Lleyton Hewitt struggled to put a brave face on the end of his Australian Open dream today after his defeat in the final against Marat Safin.
Hewitt, who had spent the last nine months carefully tailoring his schedule and training regime for an all-out assault on the title, said he had no regrets following his agonising loss.
But the pugnacious Australian admitted that coming so close to fulfilling his childhood dream only to fail at the last obstacle was a desperately bitter pill to swallow.
“I’m sure in a couple of days I’ll look back and think that it’s been a great achievement,” said Hewitt.
“I’ll have no regrets, and I’ve put absolutely everything into this tournament. I’ll be able to walk out with my head held high.
“But right at the moment, I’m human and I’m disappointed. You know, to come that close, train so hard to put yourself in a position … It’s hard to take at the moment.
“But my game’s definitely better than where it was 18 months ago — making a US Open final, a Masters Cup final, and now an Australian Open final, I’m obviously doing something right. It just would have been nice to get one of them.”

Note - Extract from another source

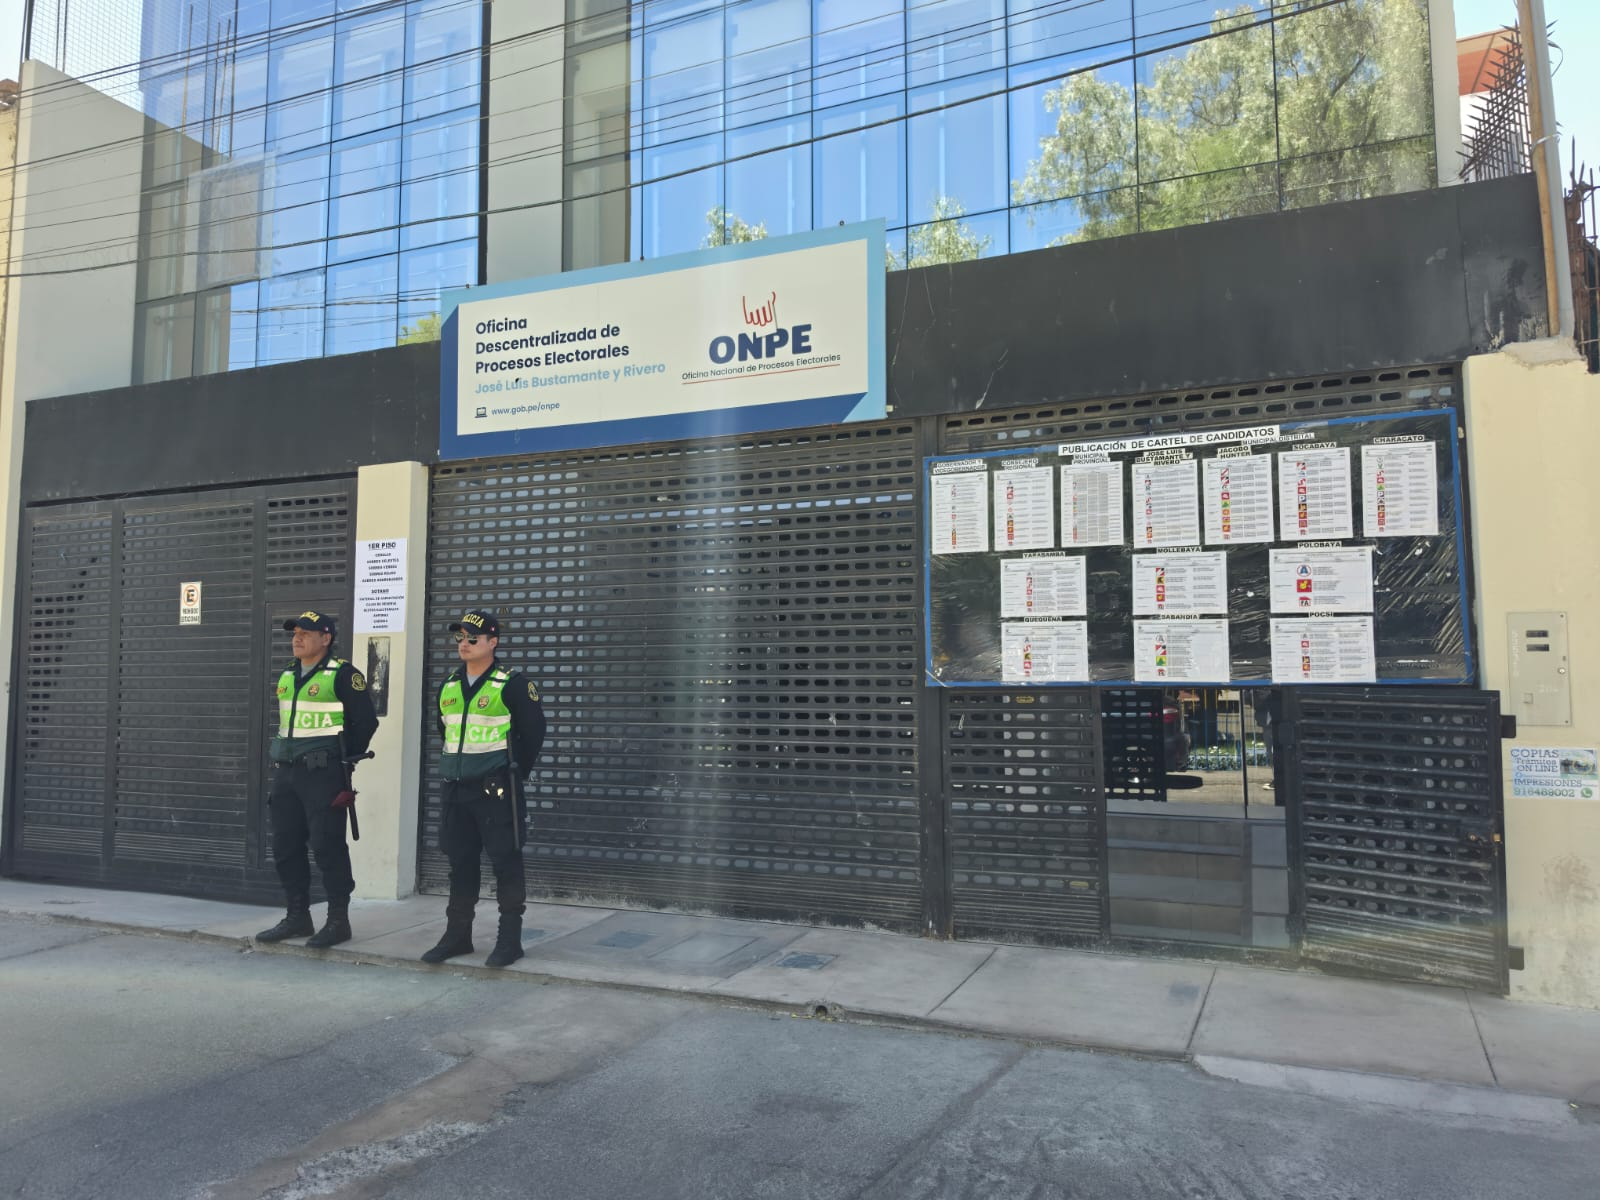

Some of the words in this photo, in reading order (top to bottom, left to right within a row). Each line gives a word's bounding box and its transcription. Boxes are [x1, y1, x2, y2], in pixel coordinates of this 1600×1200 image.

Hewitt said he had been powerless to respond when Safin raised his game after a disastrous first set, when he was paralysed by nerves and succumbed in a little over 20 minutes.
“I feel like I got out of the blocks well but he hadn’t hit his stride either,” Hewitt said.
Hewitt denied that a foot fault call that went against him when he was broken in the seventh game of the third set had affected the outcome. The Australian had raged at a line official following the ruling, earning a code violation for unsportsmanlike conduct. It also heralded the beginning of the end for Hewitt.
Numbers game
• 500,000 attendance mark reached for the sixth year in a row, up more than 20,000 on last year.
• The highest one-day attendance in history when 60,069 spectators came to Melbourne Park on January 22.
• Hungry patrons ate 31,700 buckets of French fries, 13,700 hot dogs, 11,714 meat pies and drank 111,000 espresso coffees.
• The tournament’s 88 courtesy cars drove 340,000 kilometers.